*Exercise:*
Reproduce word for word every line from the one containing "this 2212×1659 image." through the end of the listing below; omit the pictures.
======== Extracted material
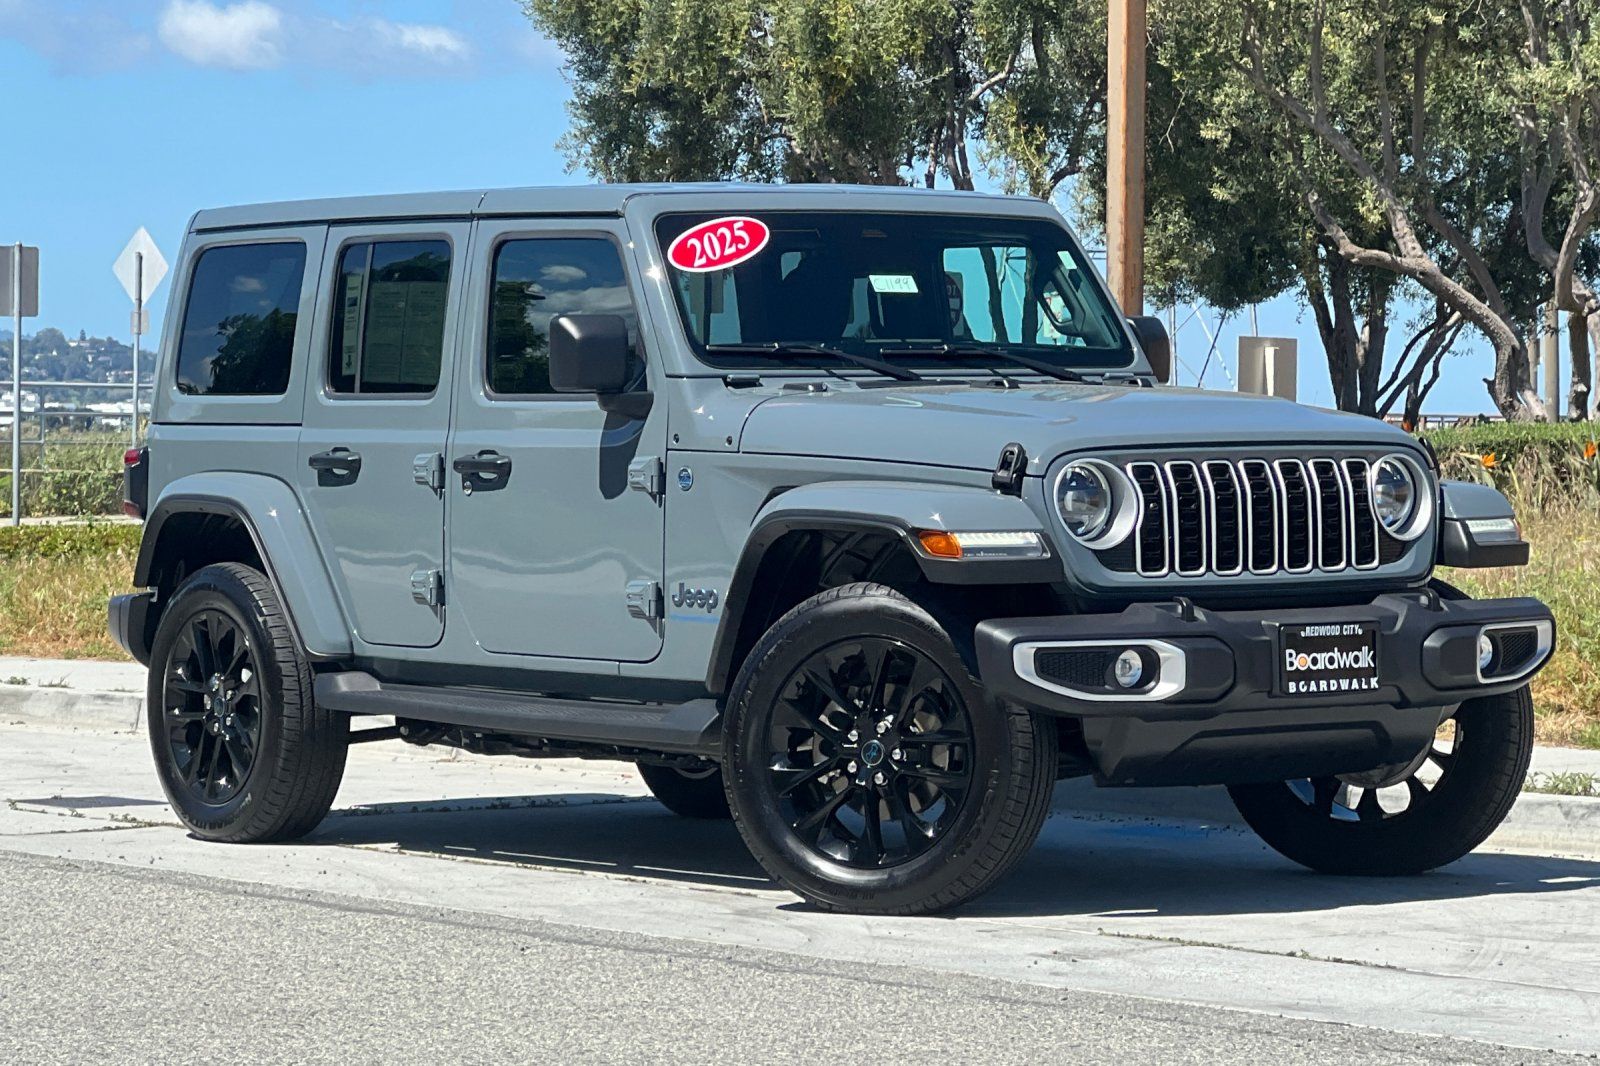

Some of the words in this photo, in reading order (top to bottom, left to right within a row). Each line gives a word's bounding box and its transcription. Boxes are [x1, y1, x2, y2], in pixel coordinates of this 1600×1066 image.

[687, 221, 750, 267] 2025
[672, 582, 718, 613] Jeep
[1305, 625, 1340, 637] REDWOOD
[1343, 624, 1359, 635] CITY
[1285, 646, 1374, 671] Boardwalk
[1288, 677, 1379, 693] BOARDWALK
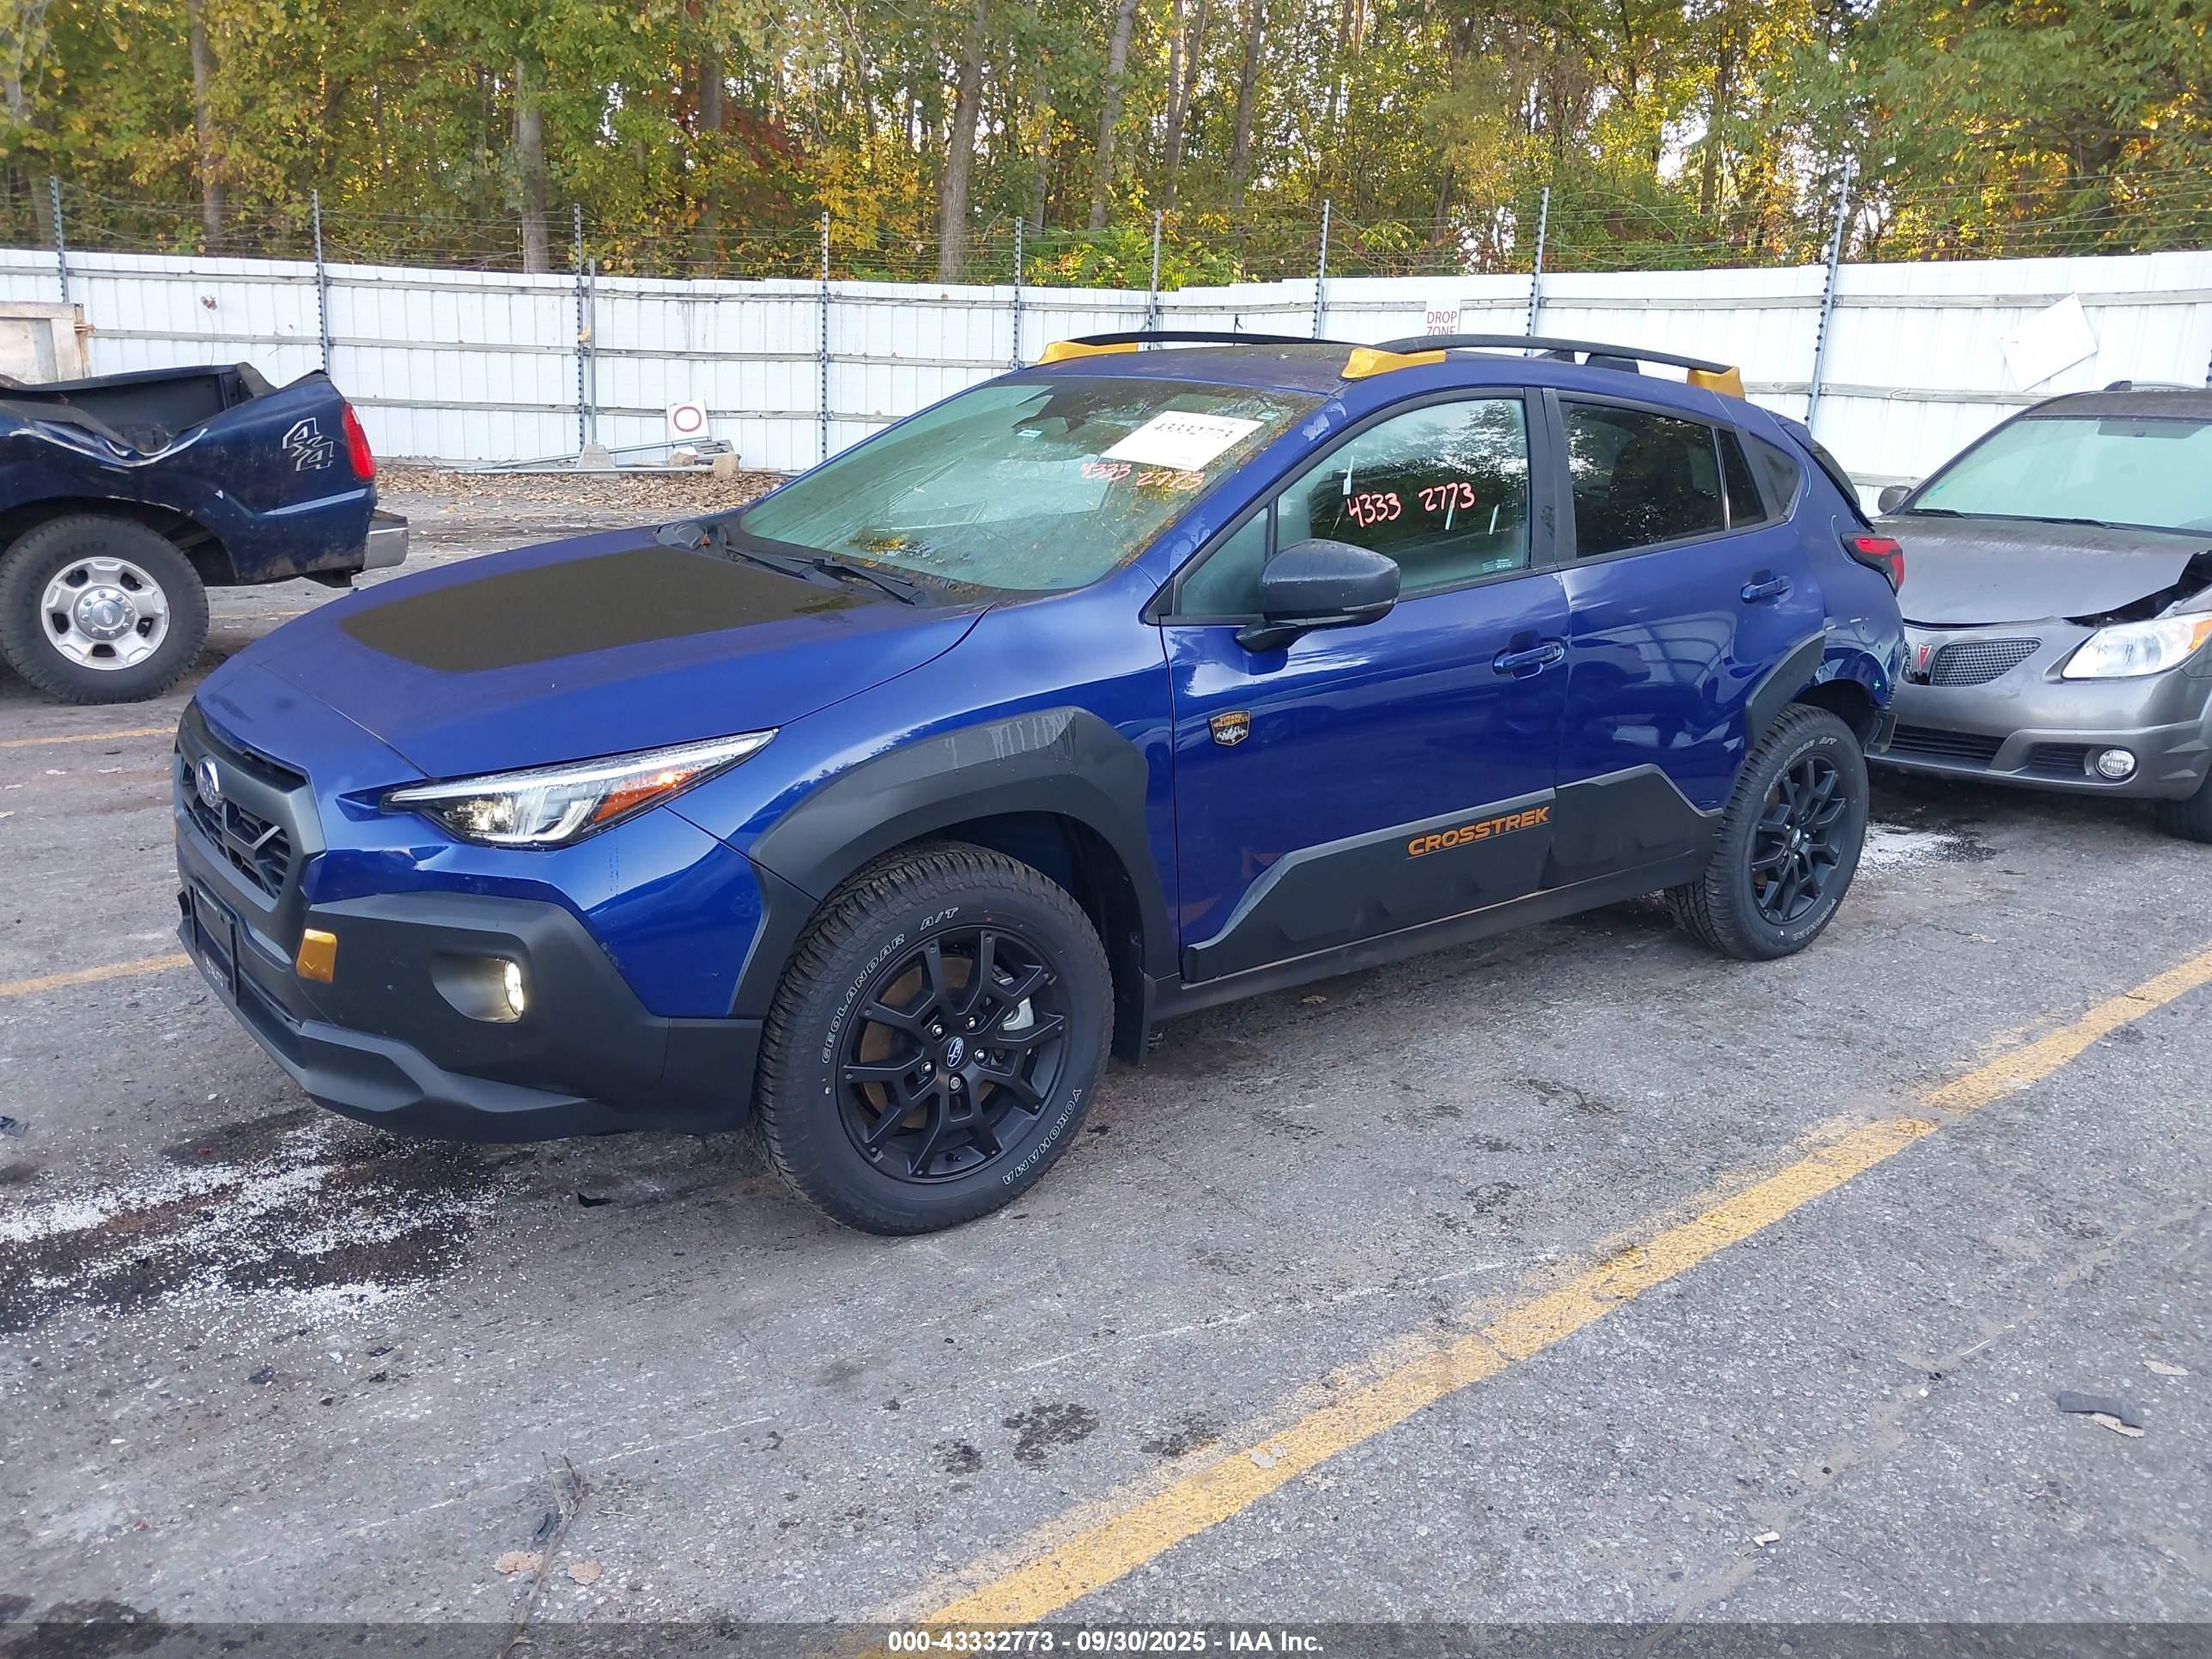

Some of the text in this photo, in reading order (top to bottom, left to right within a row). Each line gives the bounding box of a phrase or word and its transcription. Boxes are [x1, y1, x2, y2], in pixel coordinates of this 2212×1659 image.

[1426, 310, 1457, 324] DROP
[1426, 325, 1456, 336] ZONE
[1079, 463, 1205, 490] 4333 2773
[1346, 482, 1475, 528] 4333 2773
[1407, 805, 1551, 856] CROSSTREK
[822, 906, 959, 1065] GEOLANDAR A/T
[1002, 1087, 1082, 1186] YOKOHAMA
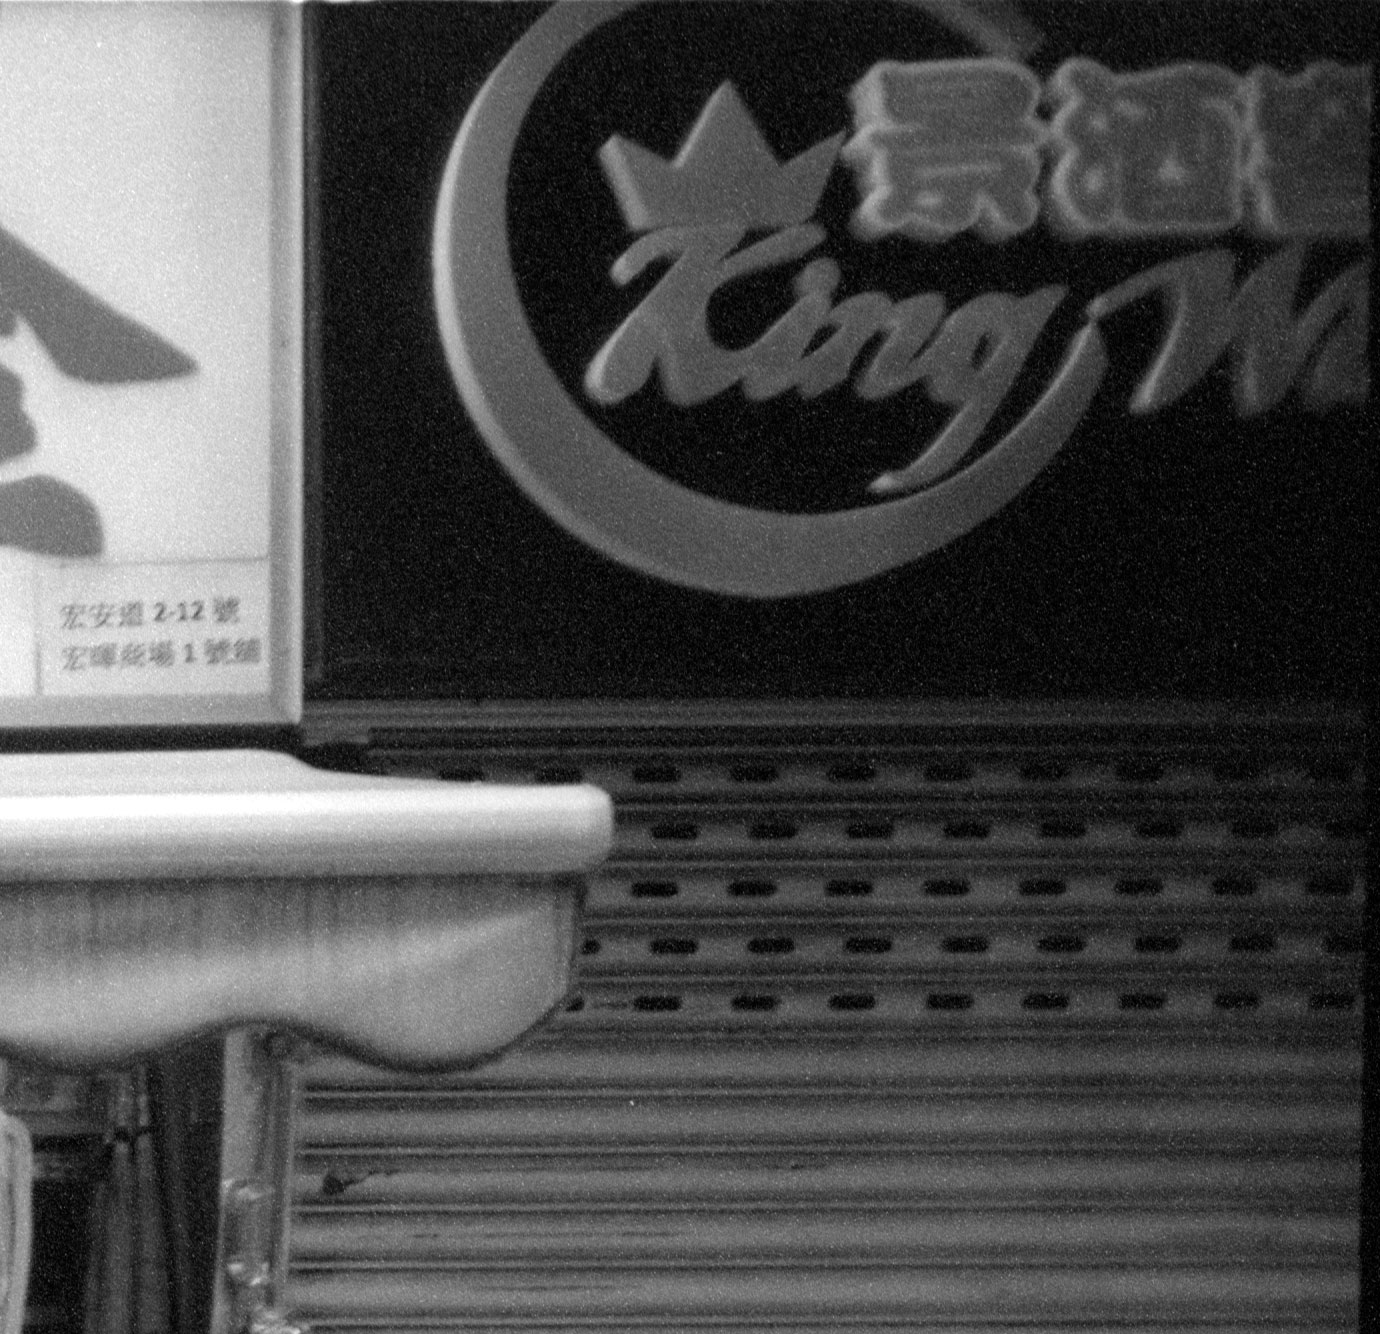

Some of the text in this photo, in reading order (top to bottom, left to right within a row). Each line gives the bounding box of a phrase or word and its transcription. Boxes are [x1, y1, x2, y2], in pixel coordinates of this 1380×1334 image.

[583, 222, 1068, 492] King
[153, 599, 205, 623] 2-12
[184, 643, 197, 664] 1
================
*Result of this exercise:*
Some of the text in this photo, in reading order (top to bottom, left to right within a row). Each line gives the bounding box of a phrase or word and its transcription. Boxes are [x1, y1, x2, y2], in pixel coordinates of this 2212×1659 image.

[1426, 310, 1457, 324] DROP
[1426, 325, 1456, 336] ZONE
[1079, 463, 1205, 490] 4333 2773
[1346, 482, 1475, 528] 4333 2773
[1407, 805, 1551, 856] CROSSTREK
[822, 906, 959, 1065] GEOLANDAR A/T
[1002, 1087, 1082, 1186] YOKOHAMA

Some of the text in this photo, in reading order (top to bottom, left to right within a row). Each line gives the bounding box of a phrase or word and its transcription. Boxes are [x1, y1, x2, y2], in pixel coordinates of this 1380×1334 image.

[583, 222, 1068, 492] King
[153, 599, 205, 623] 2-12
[184, 643, 197, 664] 1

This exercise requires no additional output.